One day, while stealing valuables from graves on Mount Cuiping, Shi Qian comes upon, undetected, Yang Xiong killing his infidel wife Pan Qiaoyun. Upon hearing Yang discussing with Shi Xiu about joining the outlaw band of Liangshan Marsh, he shows himself and asks them to take him along. On the way, the three stop to eat in an inn of the Zhu Family Manor.

A row breaks out between the trio and the innkeeper after Shi Qian stole the rooster of the inn and cooked it for meal as the place has no palatable food. After burning down the inn, they flee chased by dozens of men fetched by the innkeeper. But Shi Qian falls into a trap and is captured. Yang Xiong and Shi Xiu stumble into the neighbouring Li Family Manor, where they run into Du Xing, who has once received help from Yang at Jizhou. Du takes them to his master Li Ying, who writes two successive letters requesting the Zhus to release Shi Qian. But the Zhus refuse. Li Ying is injured by an arrow when he goes to confront them. Reaching Liangshan, Yang Xiong and Shi Xiu ask for its help to rescue Shi Qian. Shi is freed when Liangshan overruns the Zhu Family Manor in its third offensive.

Life at Liangshan
Shi Qian makes major contributions when at Liangshan, the most notable being his role in duping Xu Ning, an imperial guard instructor, to join the band.

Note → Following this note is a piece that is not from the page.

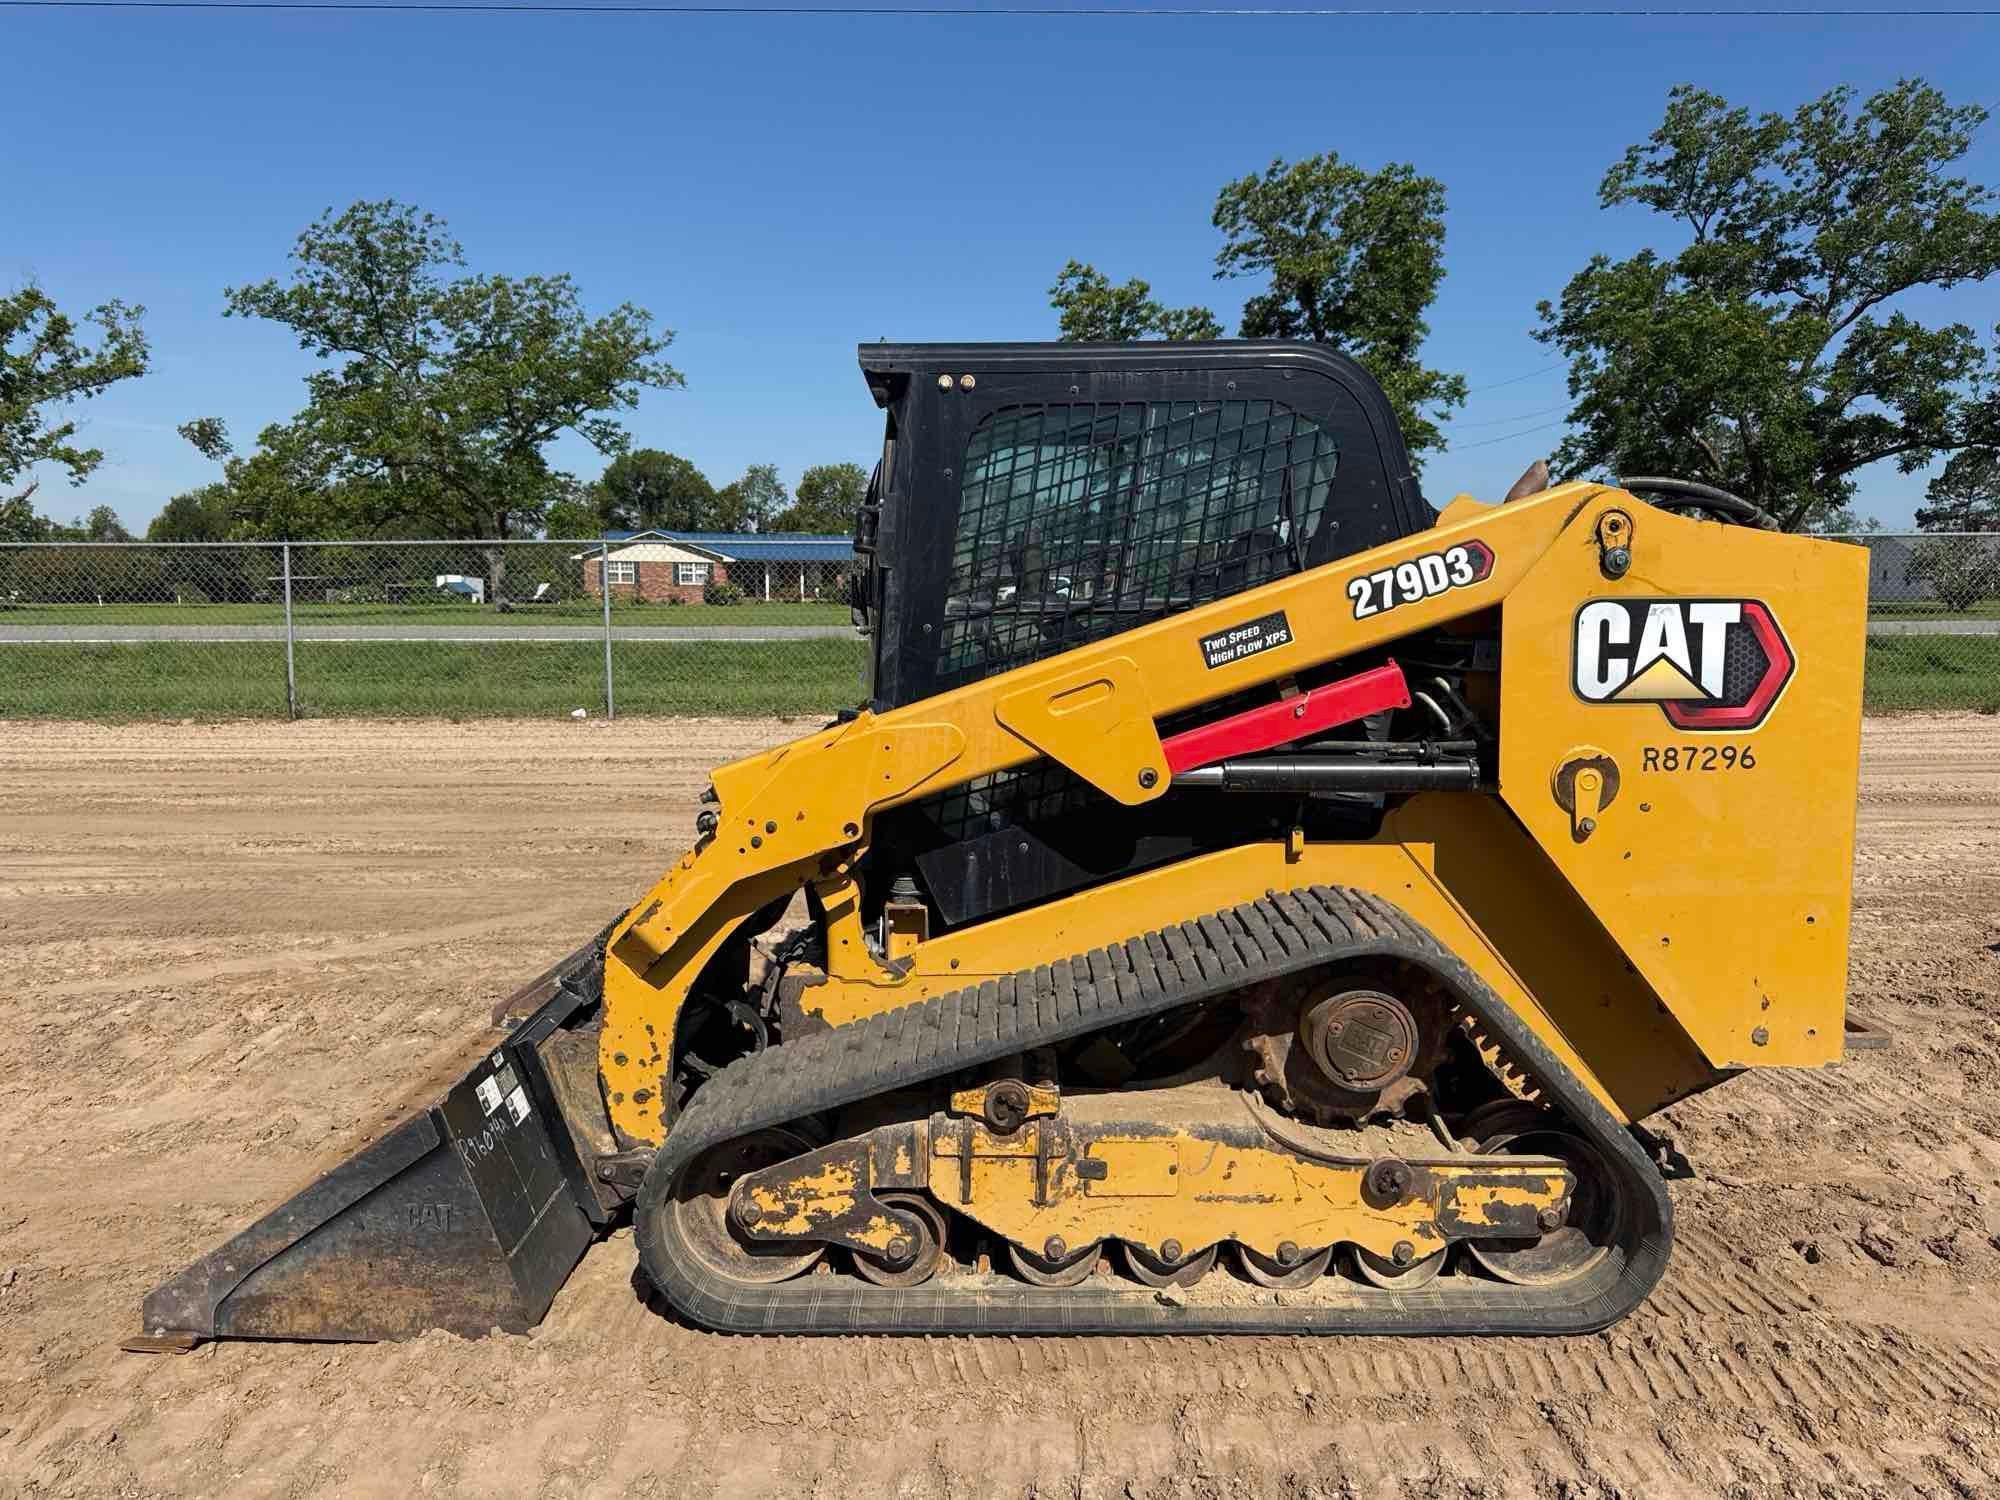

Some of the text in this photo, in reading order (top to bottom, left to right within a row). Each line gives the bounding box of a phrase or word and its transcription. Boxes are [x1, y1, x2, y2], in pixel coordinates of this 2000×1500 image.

[1348, 547, 1474, 618] 279D3
[1265, 630, 1287, 647] XPS
[1576, 602, 1741, 699] CAT
[1642, 746, 1757, 772] R87296

The plan, devised by Xu's cousin Tang Long, requires Shi Qian to break into Xu's house in the imperial capital Dongjing to steal a precious heirloom of the instructor - an impenetrable lightweight armoured vest. Shi easily steals into Xu's house after nightfall and slithers onto the rafter on which the box containing the vest is kept. He stays there till daybreak before sneaking away with the box. Then Tang visits Xu, who is greatly upset over the loss, and claims that he has seen a man carrying a box fitting Xu's description. So Xu goes on a long chase after Shi Qian, accompanied by Tang, which leads him to the vicinity of Liangshan. He is then being drugged and taken up to the stronghold. Finding himself trapped, Xu has no choice but to join the band. Xu is needed by Liangshan for his skill in using the hooked lance -- a weapon that could fell the chain-linked armoured cavalry of the imperial general Huyan Zhuo, who is laying siege to the stronghold. Huyan's army is routed when his cavalry collapses pulled down by the hooked lance squad of Liangshan. 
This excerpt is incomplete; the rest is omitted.